Additionally, 15 of Fletcher’s oil paintings from his series “Painted Voices: An Artist’s Journey into the World of Black Writers” will be on display in the Rall Gallery from 8 a.m. to 9 p.m. Monday, April 4 through Tuesday, April 5.
“We live in a society where voice and representation matter, and not only is Gilbert himself a successful and amazing artist, but the paintings he has created call attention to the narratives written and witnessed by dozens of great African American writers,” said Dr. Marilyn Johnson-Farr, Dwight Porter professor of education and Polk Lectureship committee chair. “Using his art as a lens during this year’s Polk Lectureship, we can examine not only the history of efforts to dismantle racism, but, more importantly, engage in dialogue and action to confront it.”
Fletcher is a native of New Orleans and currently lives in New York City. He is known for his New Orleans neighborhood house paintings, the “Painted Voices” series, and documenting the “Creoles of Cane River.” Fletcher has exhibited widely in museums, galleries and university galleries around the United States, as well as in France and Ghana.
“A creative dialogue has always been at play with artists and writers to document our history and the profound message as to how to survive in this land we call home,” Fletcher said. “My lecture will explore and discuss how social issues we are faced with in everyday life have a direct effect on the creative process of Black artists.”
In full, his “Painted Voices” series features 30 portraits of celebrated African American writers. The 15 writers featured for Doane’s exhibition are Maya Angelou, James Baldwin, Amiri Baraka, Ralph Ellison, Langston Hughes, Gwendolyn Brooks, Rita Dove, Audre Lorde, Jamaica Kinkaid, Toni Morrison, Wole Soyinka, Alice Walker, August Wilson, John Edgar Wideman and Richard Wright.
Fletcher was inspired to create the series after reading many of the books written by the authors listed above, as well as many other Black writers. The stories they wrote led him to wonder about their creative processes, their habits to gain ideas, and how they dealt with difficult subjects, such as slavery, oppression, segregation, police brutality, social injustice and racism.
“As a visual artist, I am faced with juggling the content and ideas of my art to make it more acceptable to this America we live in, or do I let my art reflect the anger I feel at times, and the hate I see reported daily in the news,” Fletcher said.
The Polk Lectureship is one of the avenues by which the Doane community has important discussions surrounding race, racial healing and racial equity.
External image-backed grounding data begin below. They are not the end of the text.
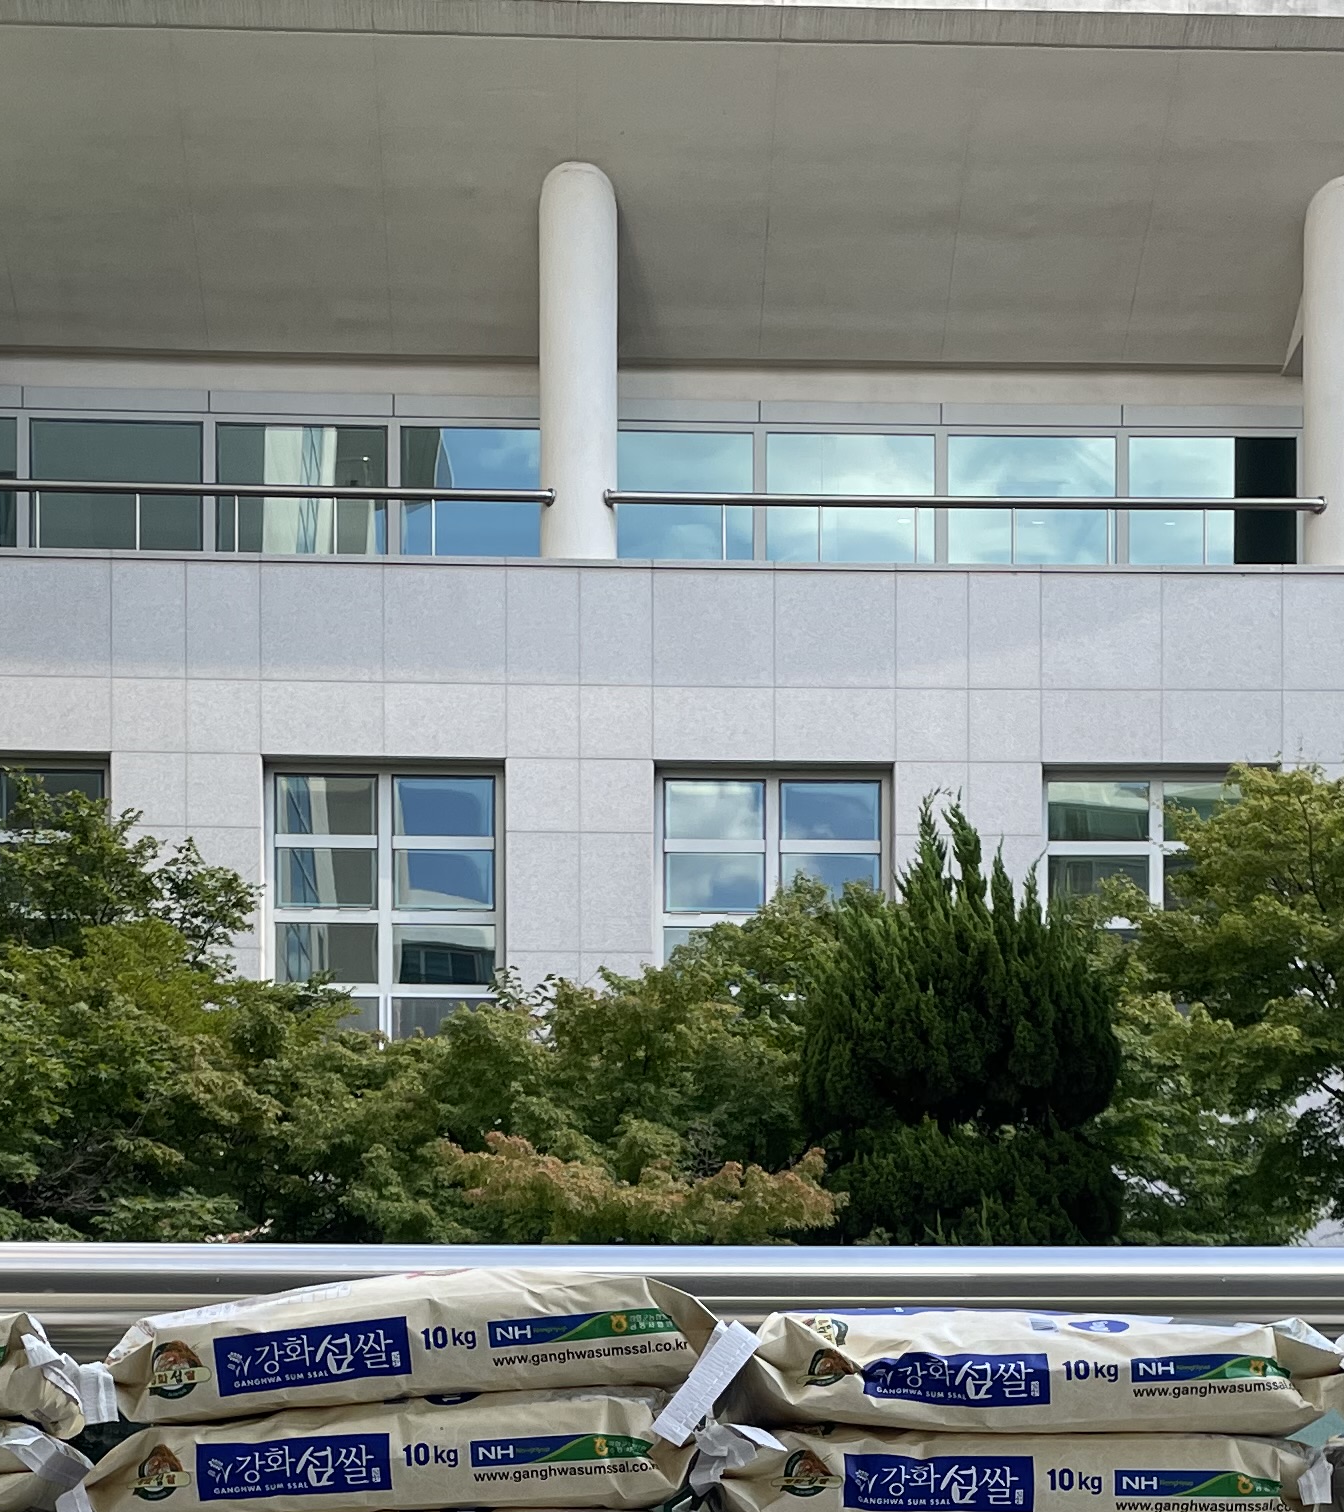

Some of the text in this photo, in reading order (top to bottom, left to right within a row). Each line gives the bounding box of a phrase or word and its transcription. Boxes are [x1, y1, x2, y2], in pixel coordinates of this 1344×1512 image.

[254, 1330, 397, 1374] 강화섬쌀
[496, 1325, 532, 1341] NH
[492, 1339, 688, 1369] www.ganghwasumssal.co.kr
[234, 1370, 328, 1388] GANGHWA SUM SSAL
[235, 1445, 377, 1486] 강화섬쌀
[478, 1444, 514, 1461] NH
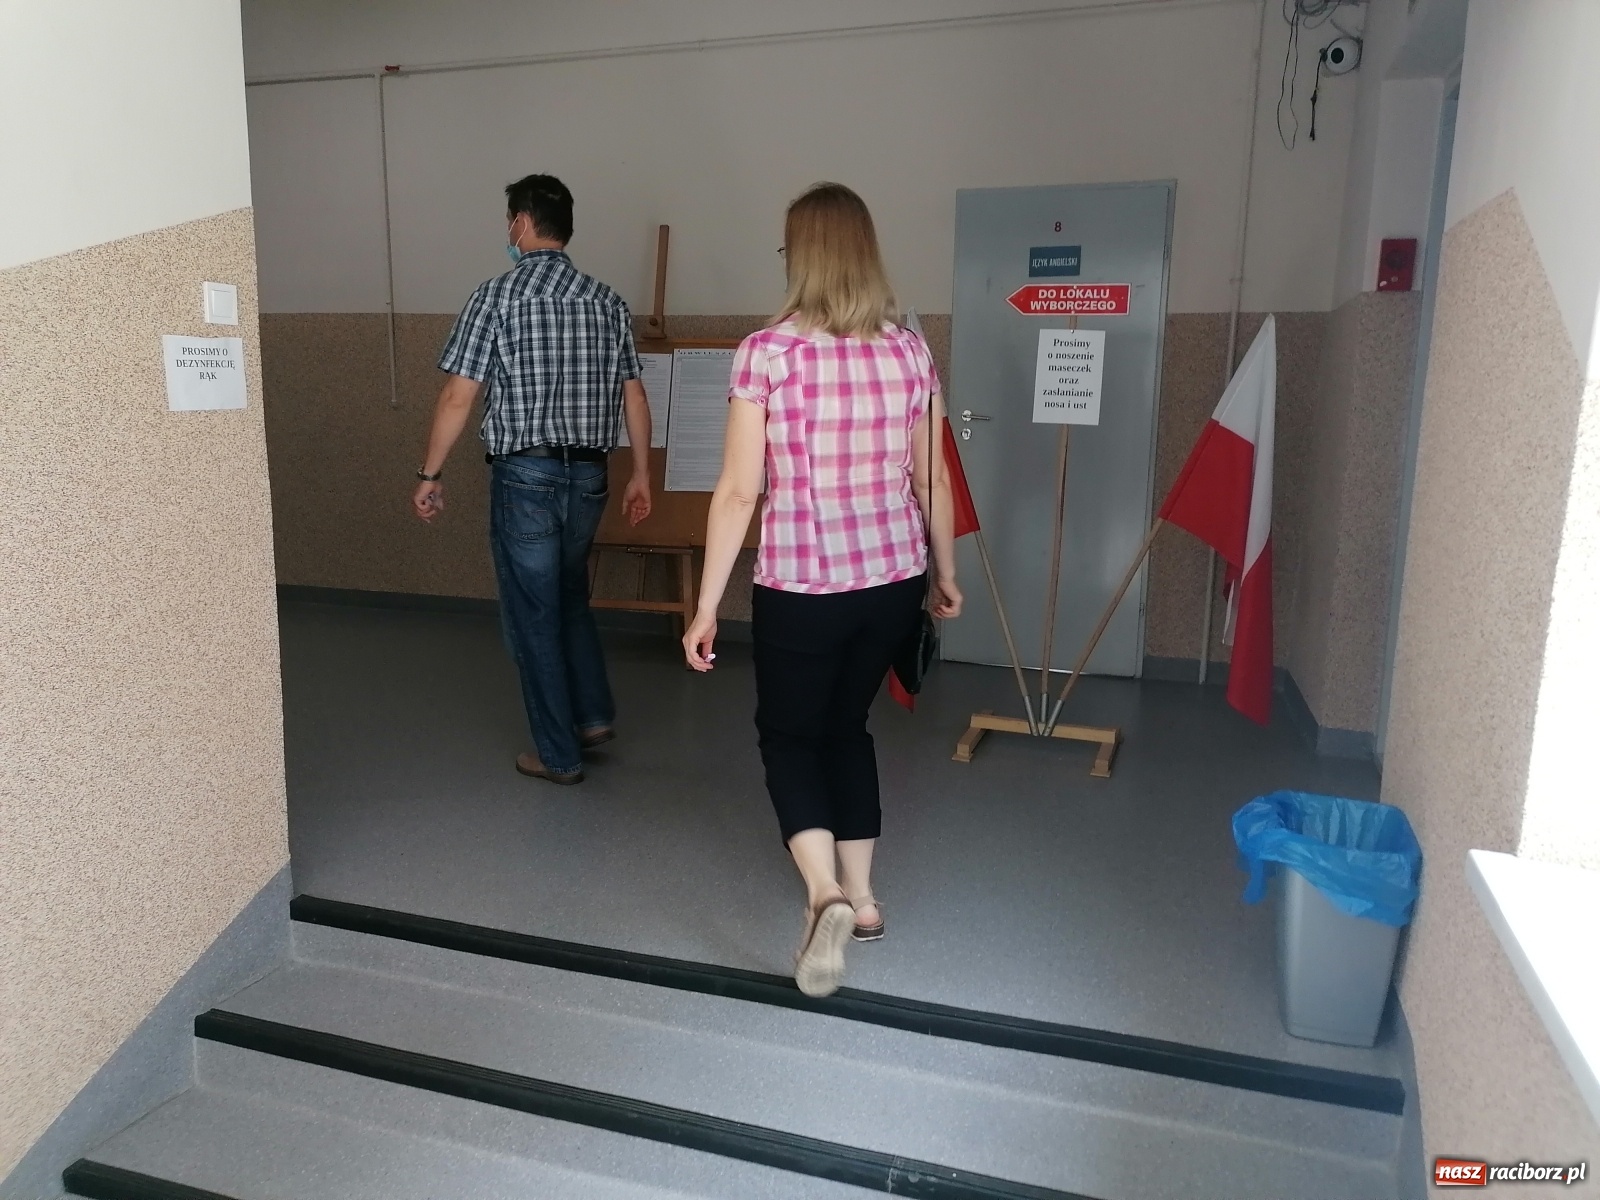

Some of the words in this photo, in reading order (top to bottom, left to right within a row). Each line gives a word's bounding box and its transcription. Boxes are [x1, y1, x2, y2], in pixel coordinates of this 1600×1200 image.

[1054, 221, 1062, 232] 8
[1032, 258, 1048, 268] JĘZYK
[1049, 257, 1078, 267] ANGIELSKI
[1038, 289, 1057, 299] DO
[1060, 288, 1110, 299] LOKALU
[1030, 300, 1117, 311] WYBORCZEGO
[1053, 338, 1091, 350] Prosimy
[182, 347, 220, 356] PROSIMY
[222, 348, 228, 356] O
[1055, 351, 1095, 360] noszenie
[176, 359, 235, 370] DEZYNFEKCJĘ
[1048, 363, 1092, 373] maseczek
[199, 372, 217, 381] RĄK
[1058, 377, 1079, 385] oraz
[1044, 401, 1065, 409] nosa
[1067, 400, 1071, 409] i
[1073, 402, 1087, 410] ust
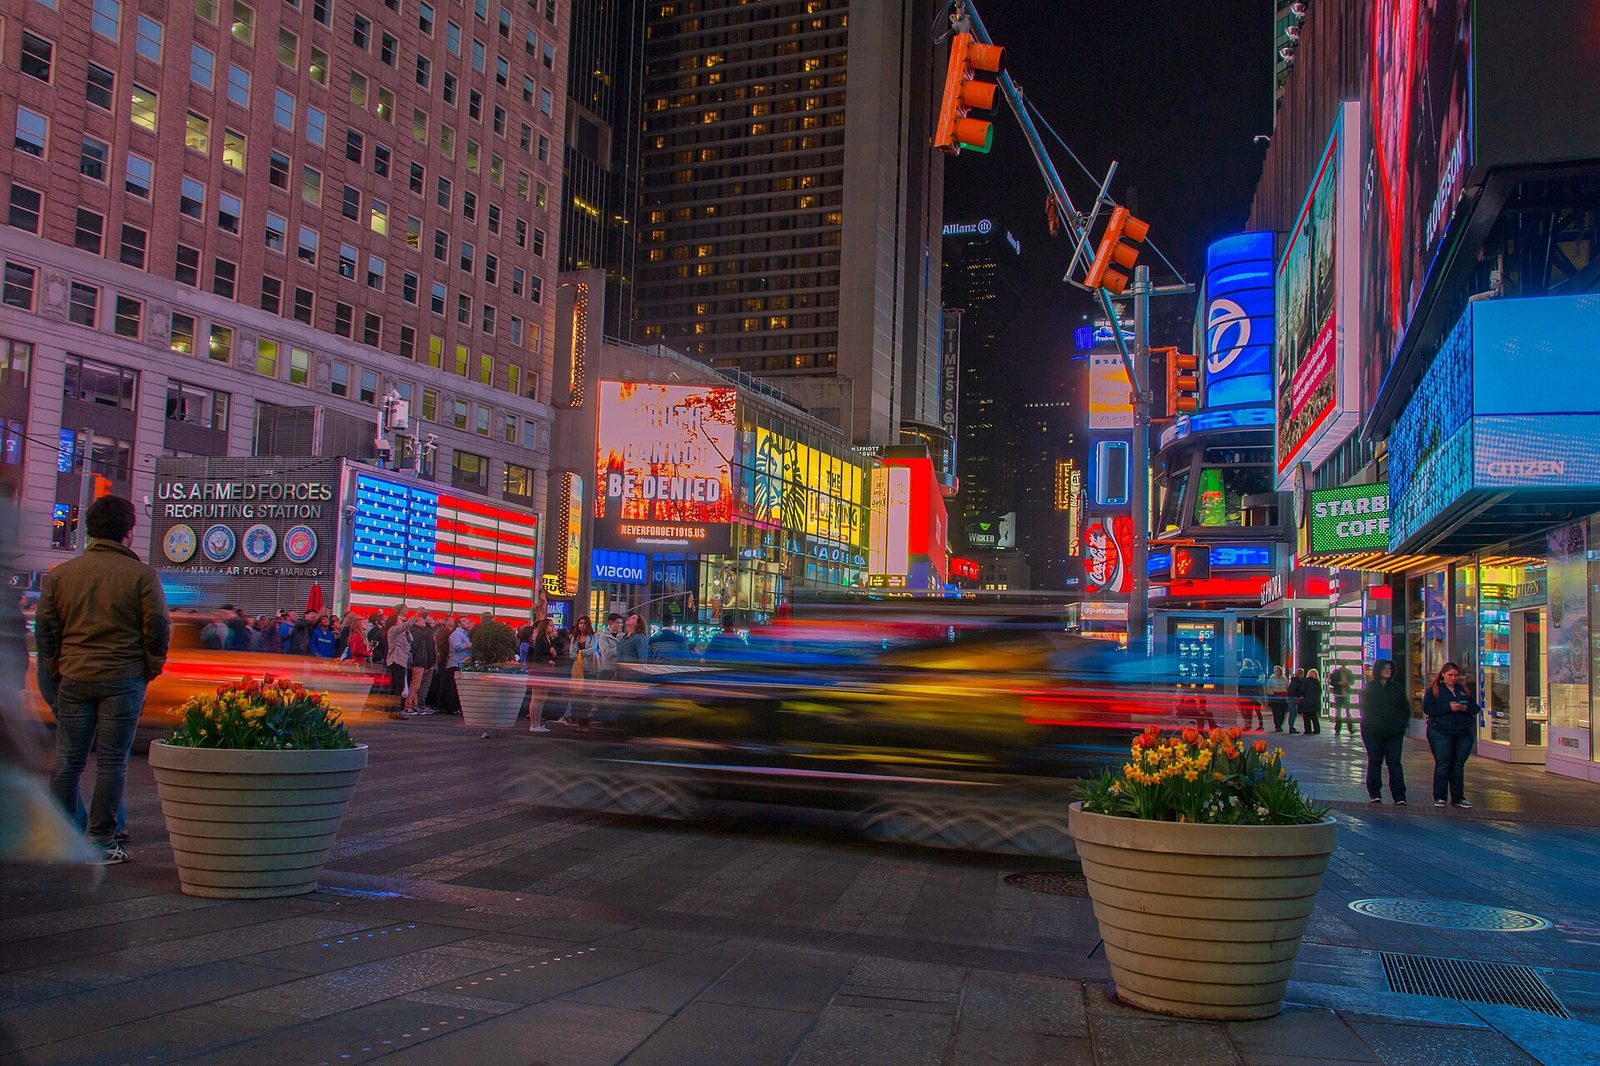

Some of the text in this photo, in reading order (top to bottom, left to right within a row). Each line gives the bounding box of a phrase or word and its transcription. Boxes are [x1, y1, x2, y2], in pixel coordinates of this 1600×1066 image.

[943, 224, 976, 235] Allianz
[944, 328, 957, 391] TIMES
[1487, 461, 1565, 477] CITIZEN
[826, 470, 841, 489] THE
[159, 483, 332, 500] U.S. ARMED FORCES
[609, 474, 720, 502] BE DENIED
[165, 504, 321, 519] RECRUITING STATION
[621, 525, 705, 538] NEVERFORGET1915.US
[968, 533, 995, 542] WICKED
[191, 566, 217, 574] NAVY
[243, 567, 273, 576] FORCE
[280, 567, 318, 577] MARINES
“Every lectureship is a celebration of Dr. Bob Polk’s enduring impact on our communities, and I’m deeply grateful that Mr. Fletcher will join us in elevating Dr. Polk’s vision of a world with more racial harmony and equity,” said Luis Sotelo, vice president for the division of diversity, equity and inclusion.
About the Polk Lectureship
The Robert L. Polk Lectureship on Race and Social Justice, established by Rev. Dr. Robert L. Polk ‘52, the first Black American to earn a degree from Doane College, supports public and candid conversations about current social issues and race across the world. Inspired by Rev. Polk’s career of building bridges and challenging the barriers between races and cultures, the goal of the lecture is to provide an avenue by which important discussions surrounding race, including racial healing and racial equity, can be established and sustained. The lecture enables students, faculty, staff and guests to hear from high-impact speakers in the fields of diversity, equity and social justice.
“Racism continues to be the scourge that scars our humanity and the landscape of our society. What we need in every sector of our society is a more meaningful conversation and an in-depth dialogue on race before we can truly become a whole people. It is the hope that this series of lectures can perhaps move participants towards greater racial harmony and racial equity,” Polk says.
Past series lectures have included “The Status of African Americans, Then and Now, What has Changed” by Dr. Glenn Mitchell in 2021; “You Belong Here” by Rachel D. Fox in 2020; “My Living Shall not be in Vain” by Dr. Tommie Lindsey in 2019; “Time’s Up: Who’s Watching the Clock” by Maurice Watson in 2018; “The Trojan Horse of the Civil Rights Movement” by David J. Dennis, Sr. in 2017; and “Why Race Still Matters” by Robert Polk in 2016.